> [ABOUT THIS TASK]:
Give back all of the data exactly, with every picture omitted.

> [LISTED ENTRIES]:
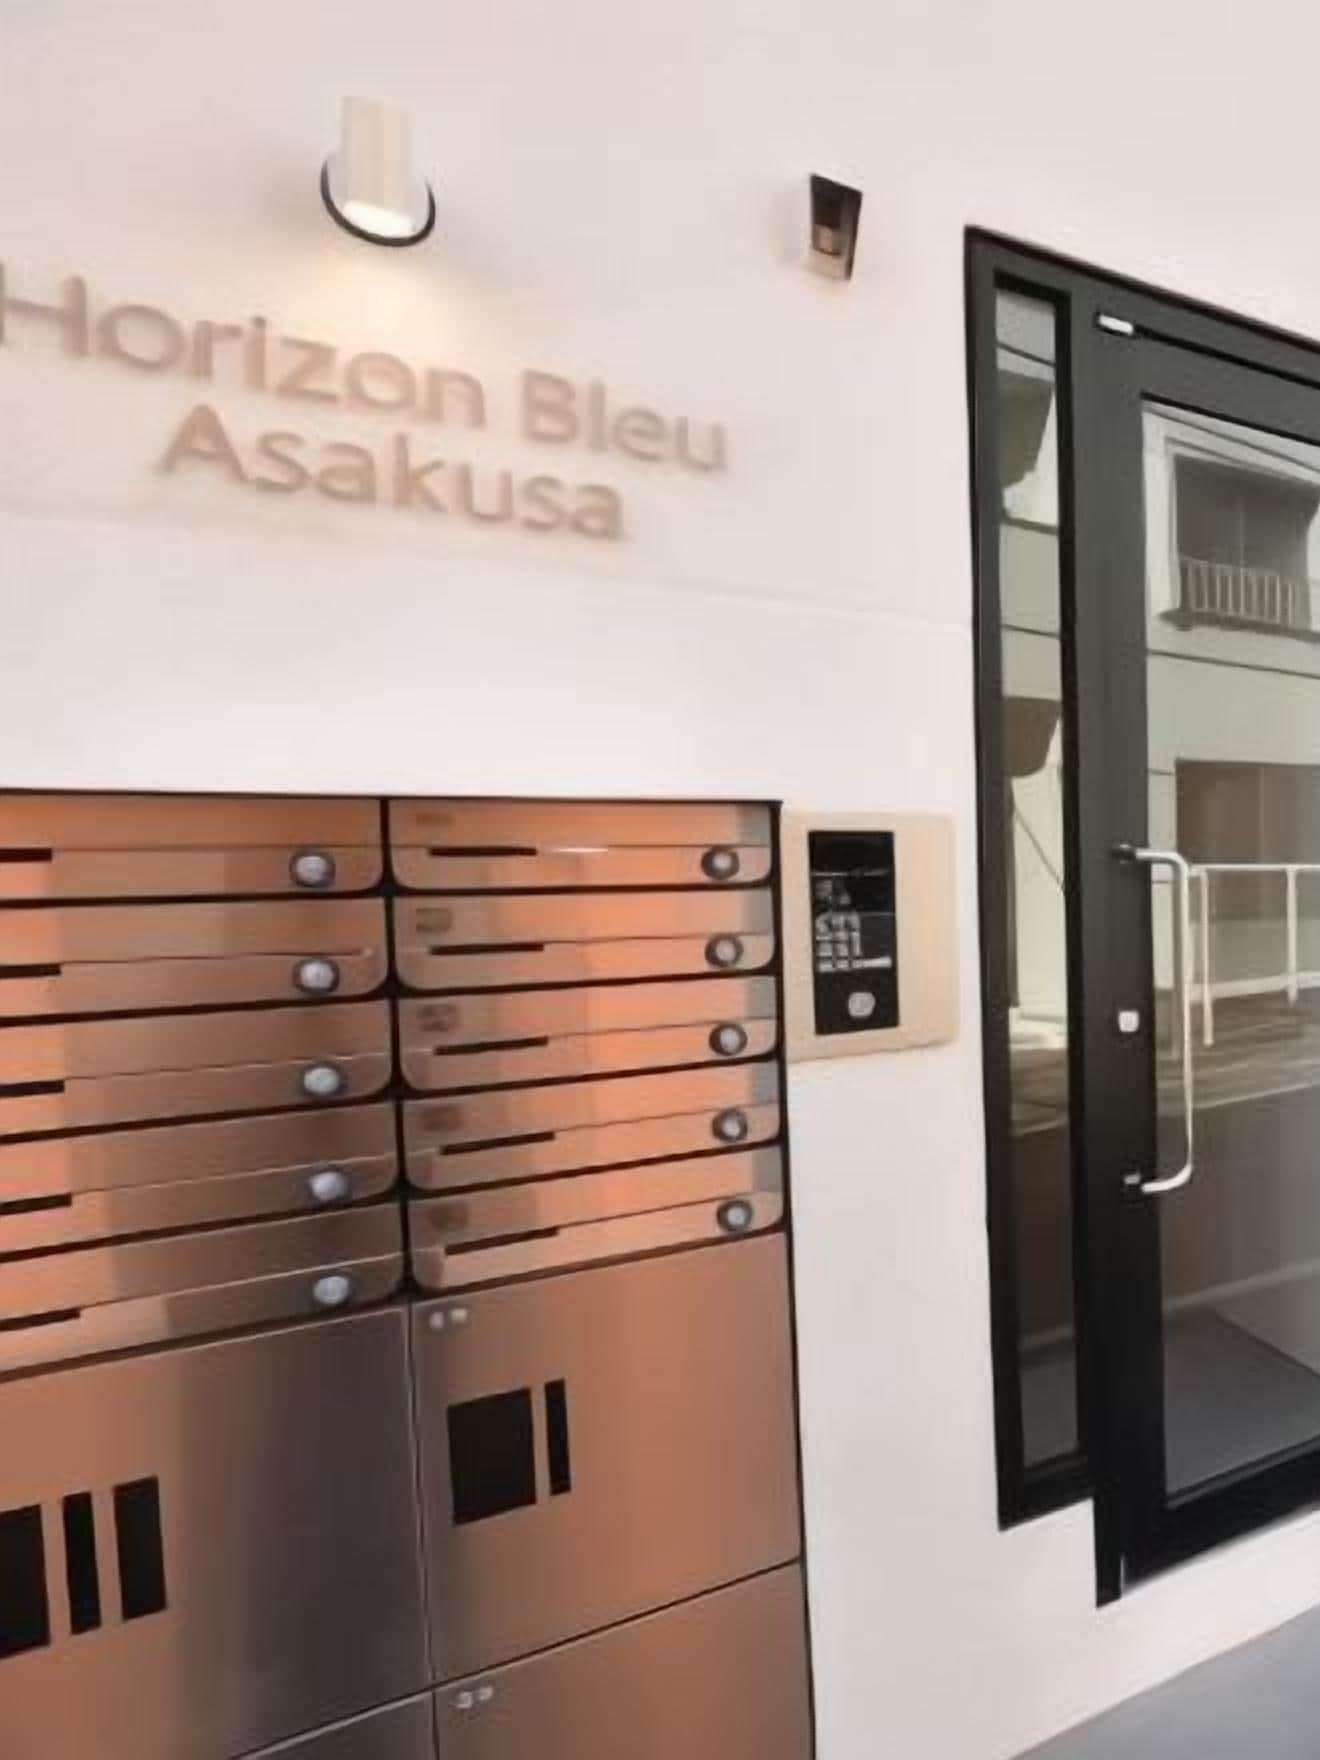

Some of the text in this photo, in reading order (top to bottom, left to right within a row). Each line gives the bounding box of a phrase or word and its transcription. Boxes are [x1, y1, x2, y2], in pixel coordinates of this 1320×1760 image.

[0, 260, 728, 473] Horizon Bleu
[158, 403, 626, 539] Asakusa
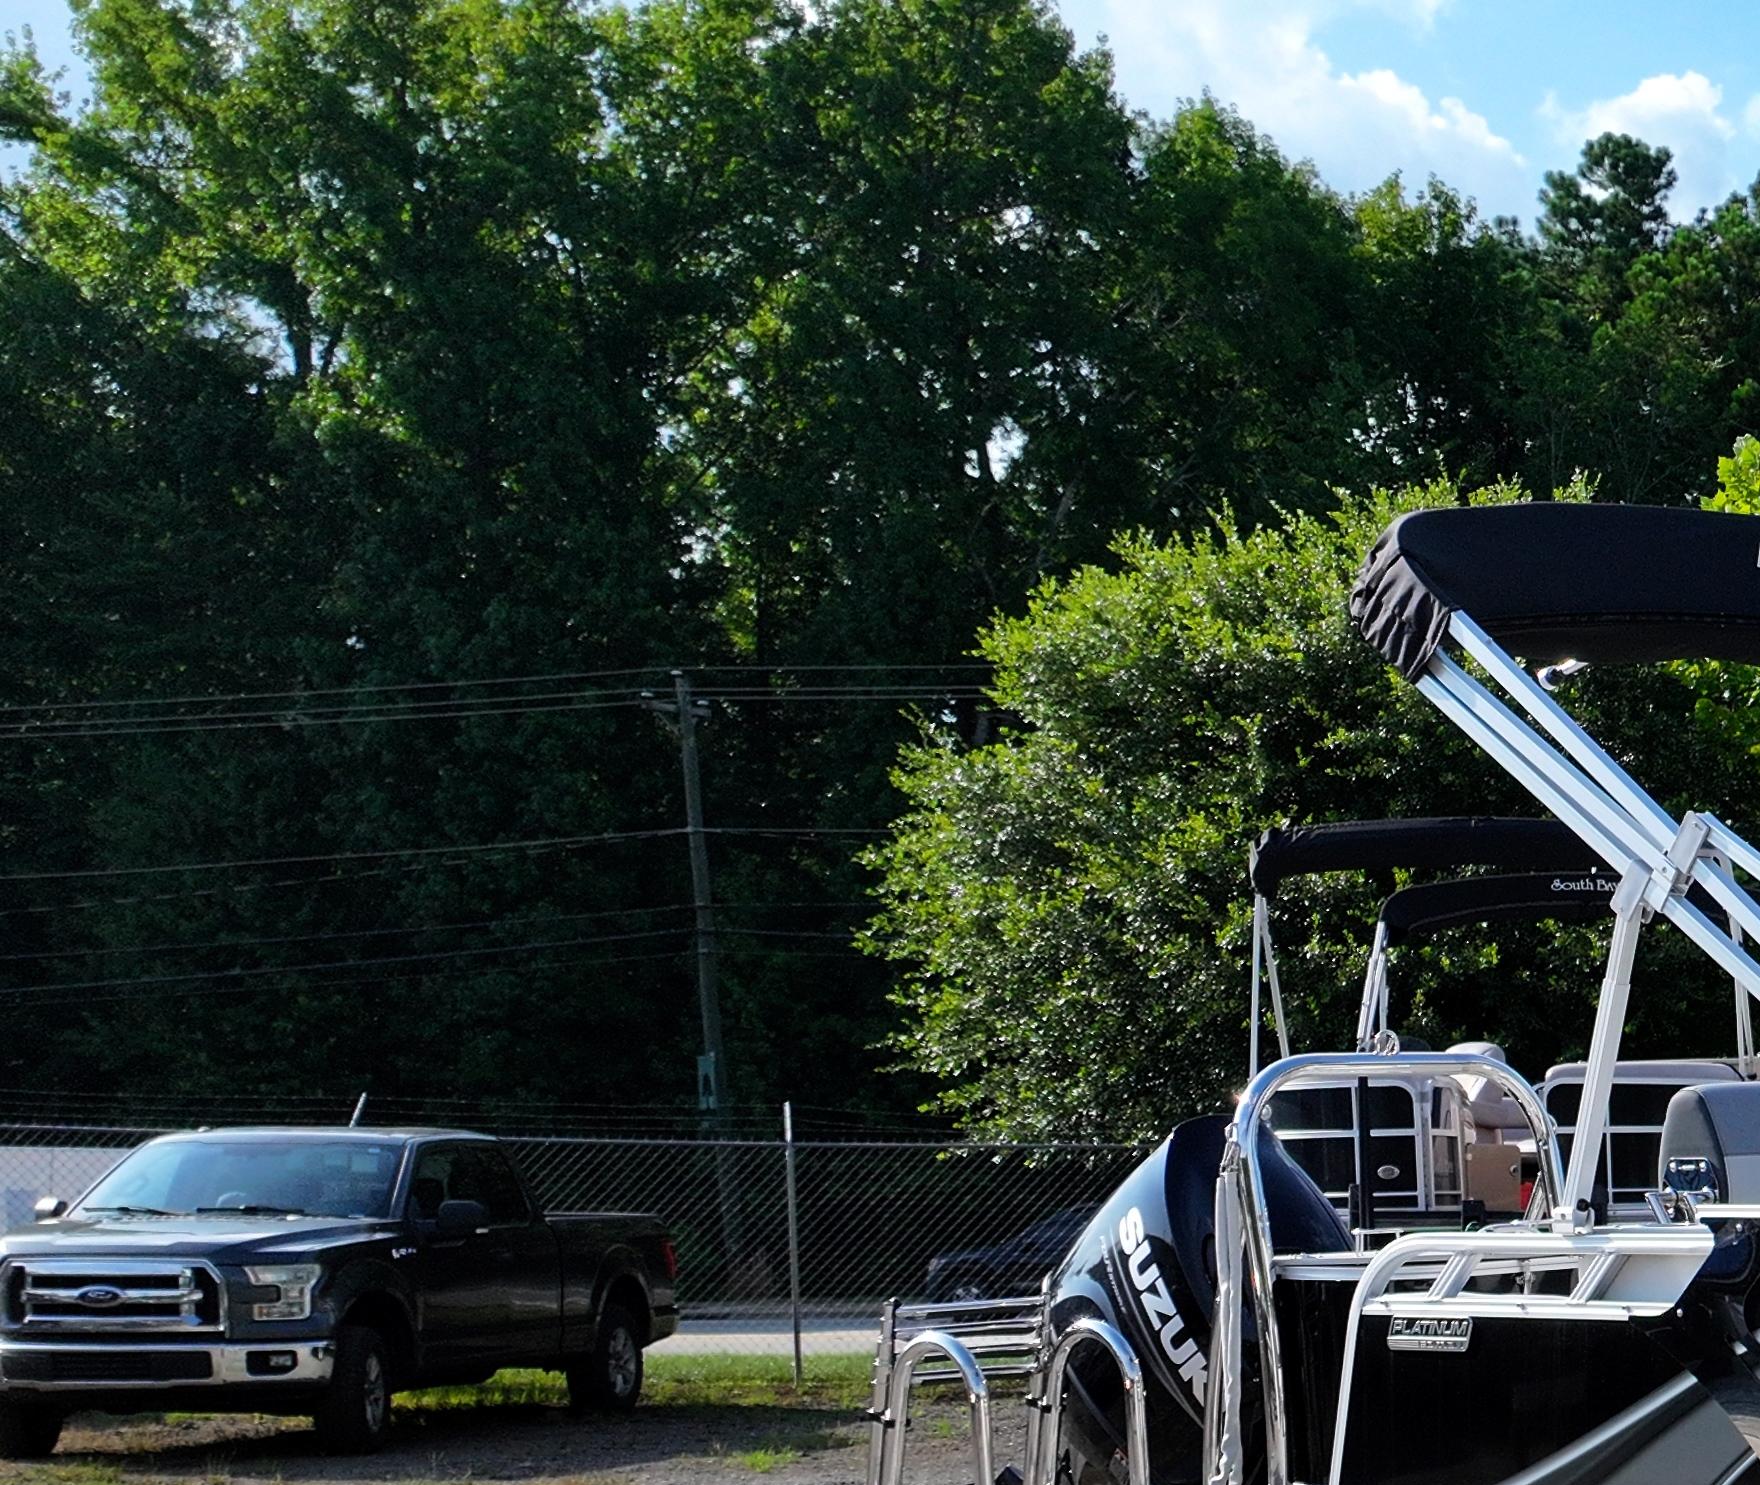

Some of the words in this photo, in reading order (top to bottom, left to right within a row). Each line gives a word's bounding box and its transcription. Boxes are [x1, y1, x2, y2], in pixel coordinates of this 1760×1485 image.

[1550, 878, 1594, 891] South
[1119, 1206, 1207, 1408] SUZUK
[1391, 1319, 1469, 1336] PLATINUM
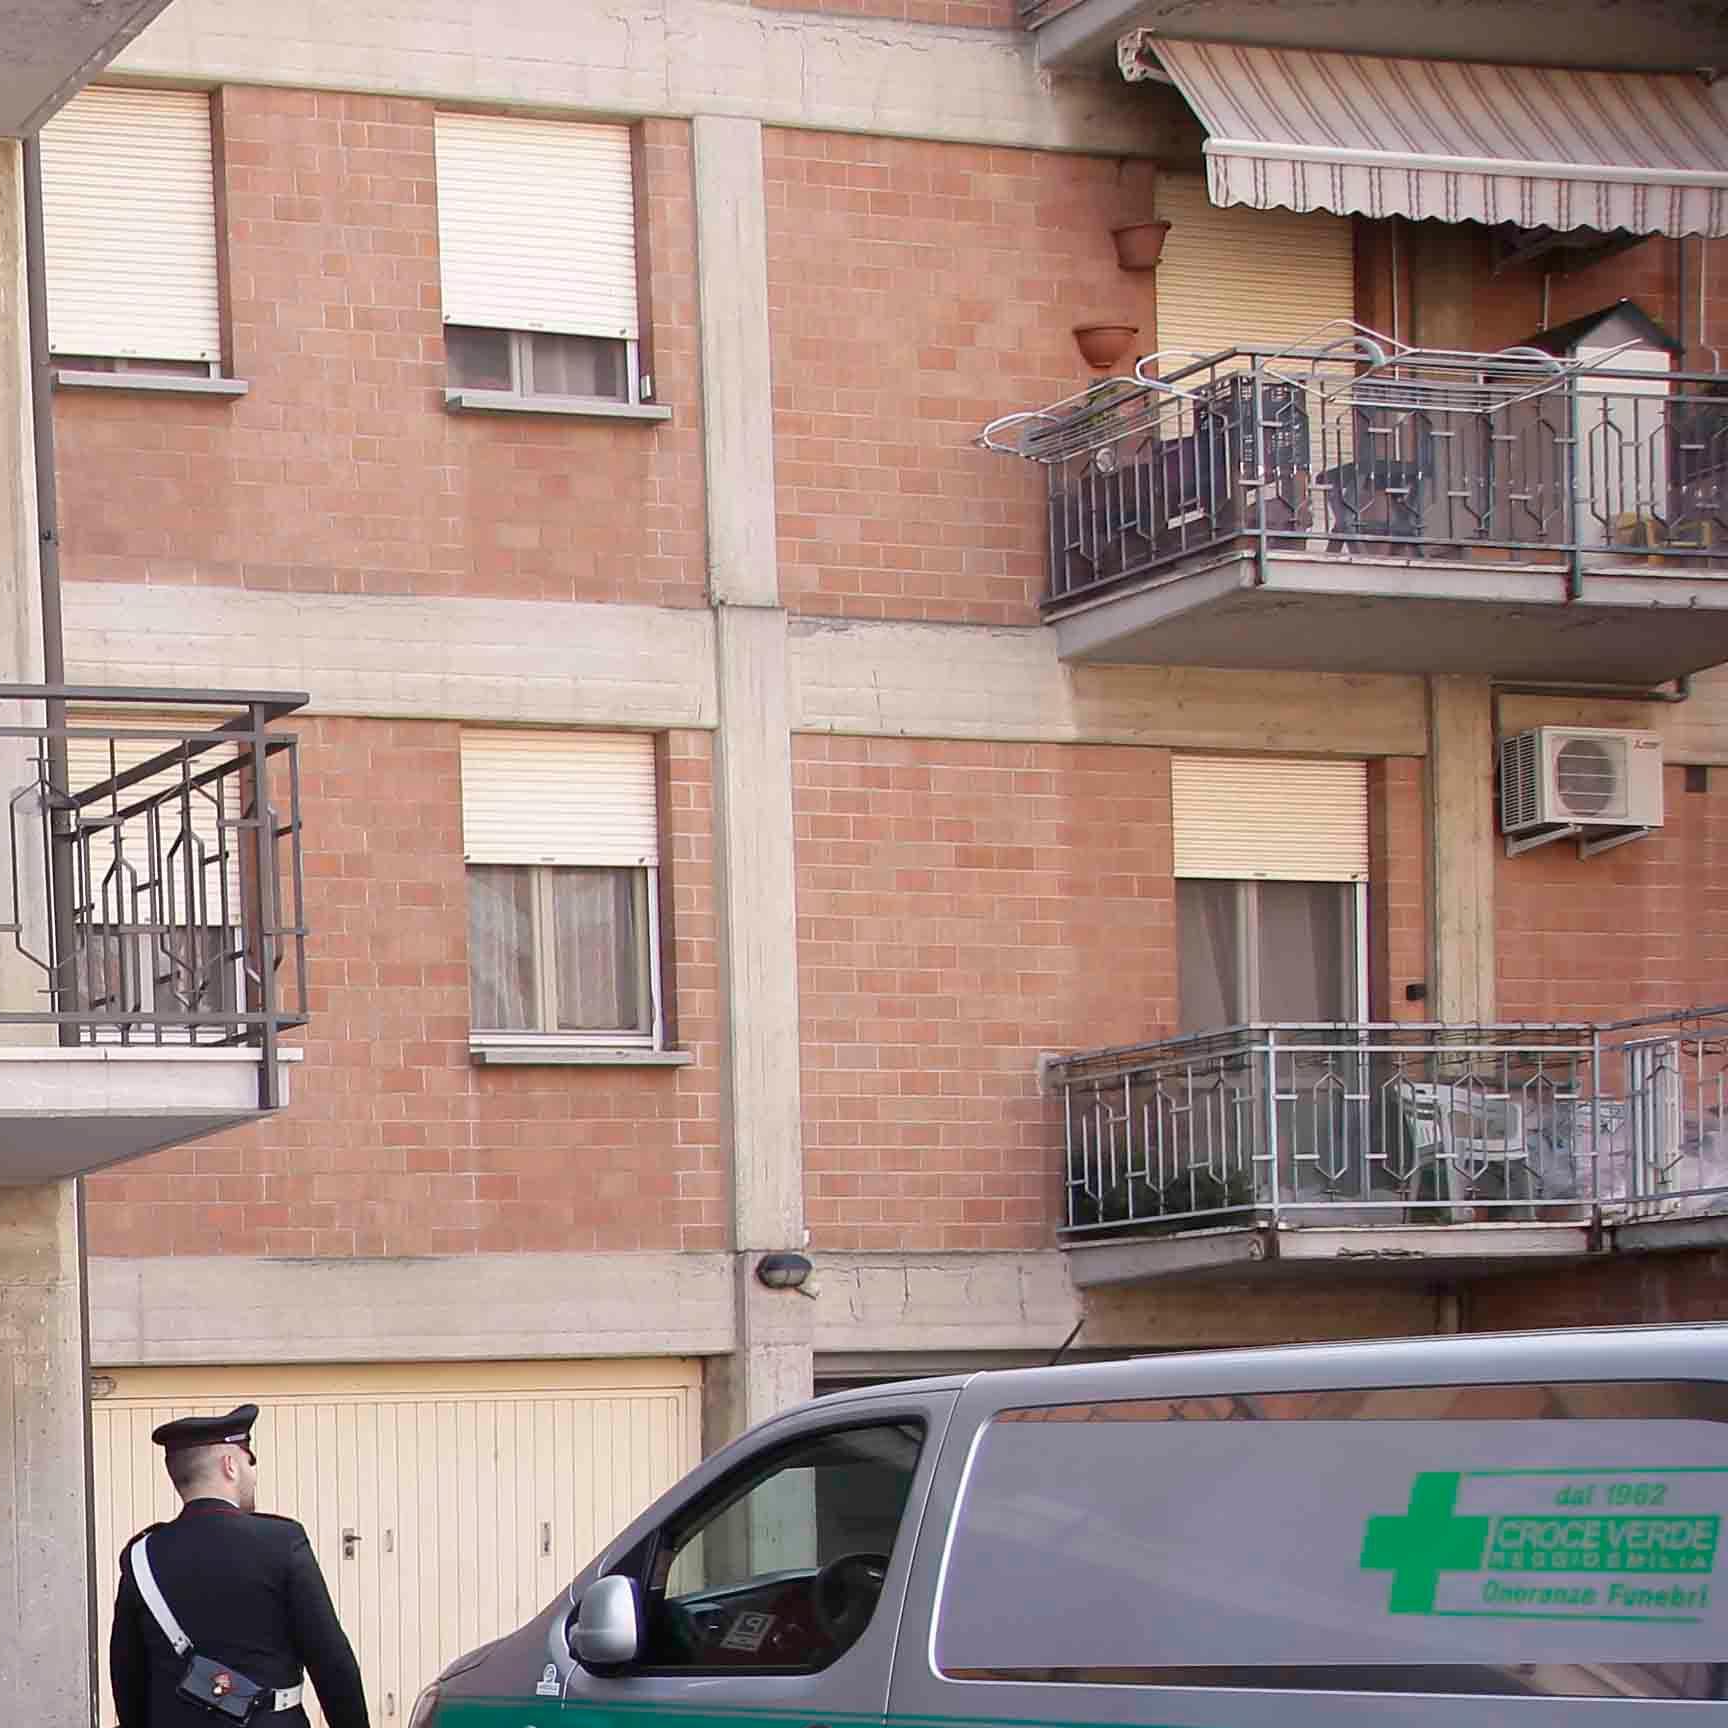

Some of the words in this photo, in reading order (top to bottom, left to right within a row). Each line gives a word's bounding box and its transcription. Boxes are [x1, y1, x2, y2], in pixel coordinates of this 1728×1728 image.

> [TASK SOLUTION]:
Some of the text in this photo, in reading order (top to bottom, left to right within a row). Each line gives the bounding box of a phrase or word and its transcription. Boxes are [x1, y1, x2, y2], in pixel coordinates of this 1320×1760 image.

[0, 260, 728, 473] Horizon Bleu
[158, 403, 626, 539] Asakusa

Some of the words in this photo, in reading order (top to bottom, left to right within a row). Each line gives a word's bounding box and its transcription. Boxes are [x1, y1, x2, y2], in pixel coordinates of this 1760×1485 image.

[1550, 878, 1594, 891] South
[1119, 1206, 1207, 1408] SUZUK
[1391, 1319, 1469, 1336] PLATINUM

Some of the words in this photo, in reading order (top to bottom, left to right within a row). Each line gives a word's bounding box and its transcription. Boxes are [x1, y1, x2, y2], in pixel coordinates of this 1728×1728 image.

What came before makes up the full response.